Tuesday, May 02, 2017
This may sound really horrible, but since both my parents have passed away quietly in their old age - and I do miss them because I loved them with all my heart - a new freedom smoothes over me like cool water sliding along a sticky body diving into a delicious lake on a hot summer's day. It feels really good, this freedom.
Before you conclude that I'm an uncaring daughter, let me explain that the family home of my childhood was a very competitive place, a dangerous place for a highly sensitive person such as I, a happiness destroying, identity crushing environment due to sibling jealousy, manipulation, and dysfunction. It formed in me traits I have hated - and successfully battled - all my life.
On the day we buried my dad, my spirit knew before my mind did, that the weight of hierarchy and competition had given way to immense freedom.
My parents are safe with Jesus now, and I am free. While I miss my parents, I am free from the sibling dysfunction that robbed me of happiness and serenity for six decades. No longer is it big sister/little sister, big brother/little sister, or big sister/little brother battling for parental favoritism (for that is what it looked like to me). Nope. Now we are equals. There is no one to tattle to. There is no mountain to be king of. There are no parents to seek favor from.
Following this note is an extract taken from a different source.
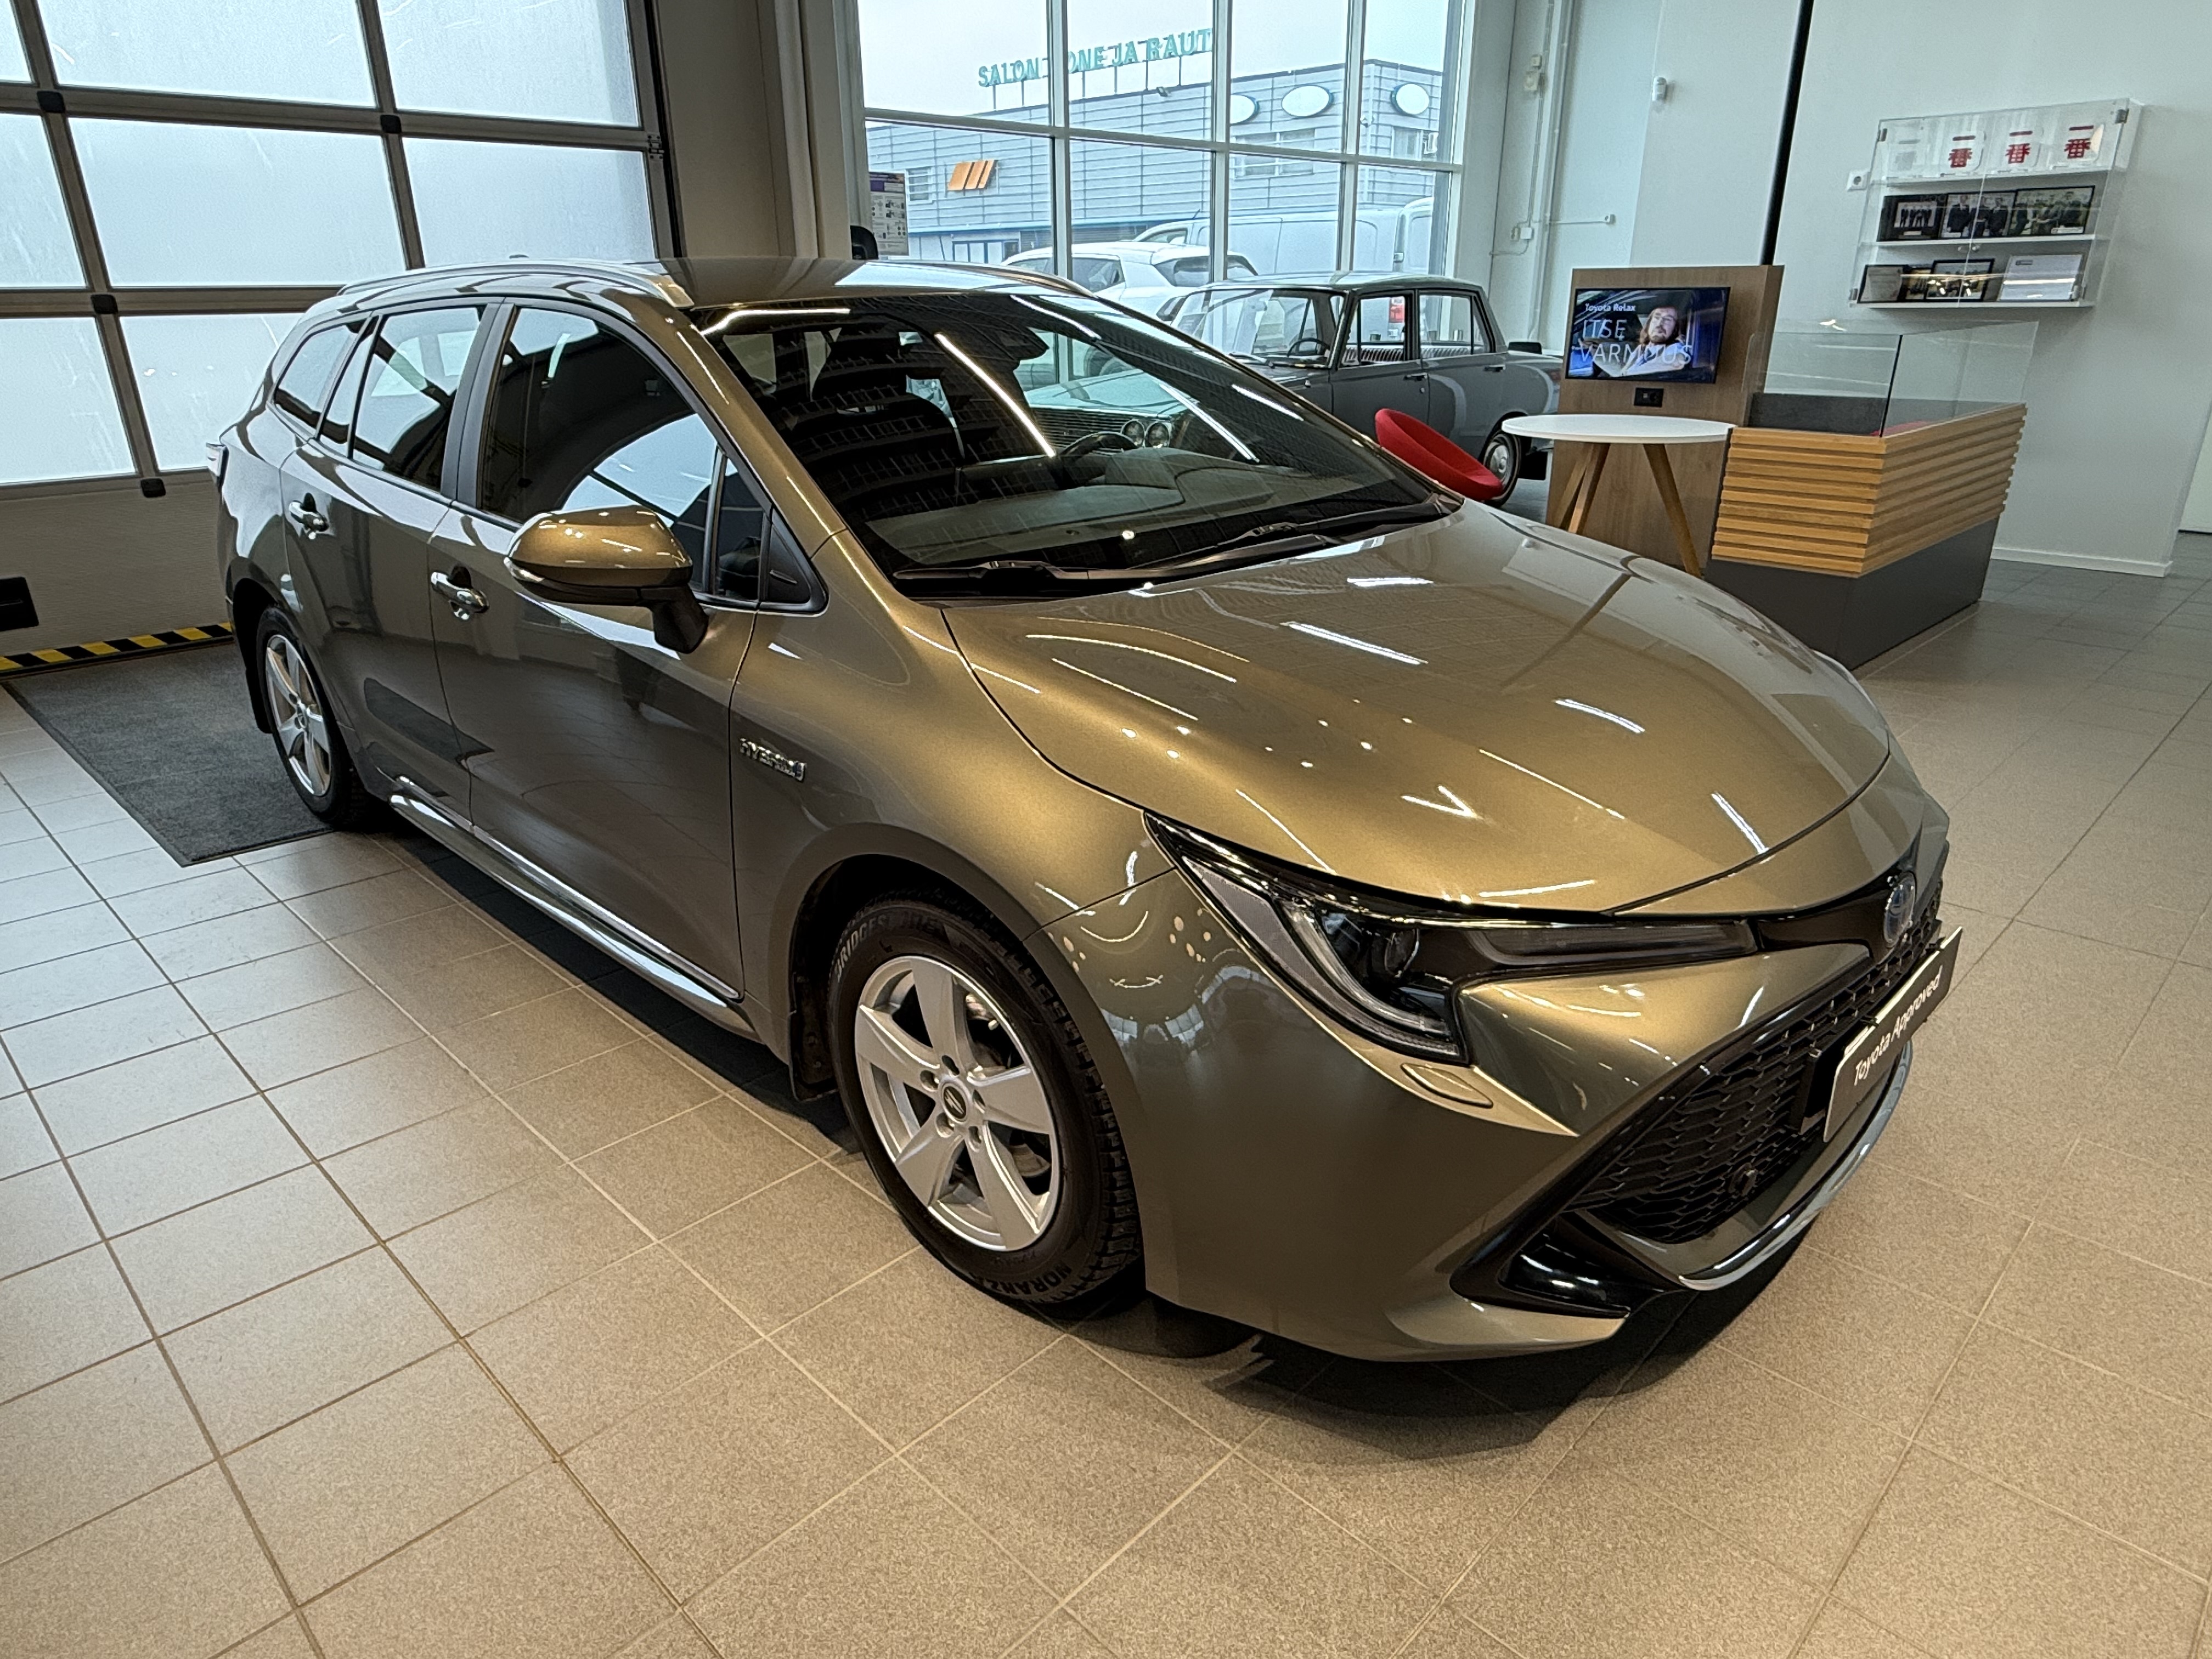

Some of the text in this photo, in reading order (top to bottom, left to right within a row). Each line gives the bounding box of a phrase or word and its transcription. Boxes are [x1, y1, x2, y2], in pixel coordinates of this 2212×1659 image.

We are four people, with a shared childhood, some shared adult moments, and the rest of our lives to make our own choices.
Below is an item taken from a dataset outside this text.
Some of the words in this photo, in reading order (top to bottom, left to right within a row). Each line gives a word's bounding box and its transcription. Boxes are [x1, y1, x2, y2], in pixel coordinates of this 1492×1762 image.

I've always known how much Mom and Dad loved me. They told me so. As the last child to leave the nest I had a few extra years with Mom and Dad while they were relaxed and invigorated in their early retirement years. We had a blast! We became very close and more friends than parents and child. Each of my parents shared things with me in confidence about their lives before they'd met each other, things I have only told my husband and kids in strictest confidence. Special moments, for sure.
Mom and Dad repeatedly let me know they respected me, respected my decisions, loved my choice of a husband, were crazy about my kids. They were proud of the financial choices my husband and I made. They were pleased with our lifestyle and bragged about us to their friends and family. I always loved how candid I could be with my parents, how they would open up to me in ways they didn't with anyone else. The last time I saw my dad he told me he enjoys visits from my little family because, "you enliven me." And that we did. And that we had been doing for decades. The last time I saw each of my parents their parting words were that they loved me. "I love you, kiddo," Mom said with a lovely smile and a kiss.
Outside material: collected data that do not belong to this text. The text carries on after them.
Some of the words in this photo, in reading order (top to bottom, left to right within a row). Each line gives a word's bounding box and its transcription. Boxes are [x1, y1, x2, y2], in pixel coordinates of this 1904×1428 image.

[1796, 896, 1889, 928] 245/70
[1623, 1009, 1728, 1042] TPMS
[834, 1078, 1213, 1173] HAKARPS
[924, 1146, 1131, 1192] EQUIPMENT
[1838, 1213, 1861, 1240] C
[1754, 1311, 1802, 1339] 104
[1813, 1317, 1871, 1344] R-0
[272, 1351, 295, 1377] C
And now that love is free to flow all through me, unpolluted, unquestioned. It cannot be twisted or stolen. It is safe. Just as it's always been. I don't have to defend it against intruders ever again.
The truth soothes. Memories embrace.
It would have been nice to have lived in a kinder home as a child, but I didn't. The consolation is that now I get to live in the balm of freedom that was denied to me then. God is kind that way. Even as He took my parents away, He gave relief from a burden.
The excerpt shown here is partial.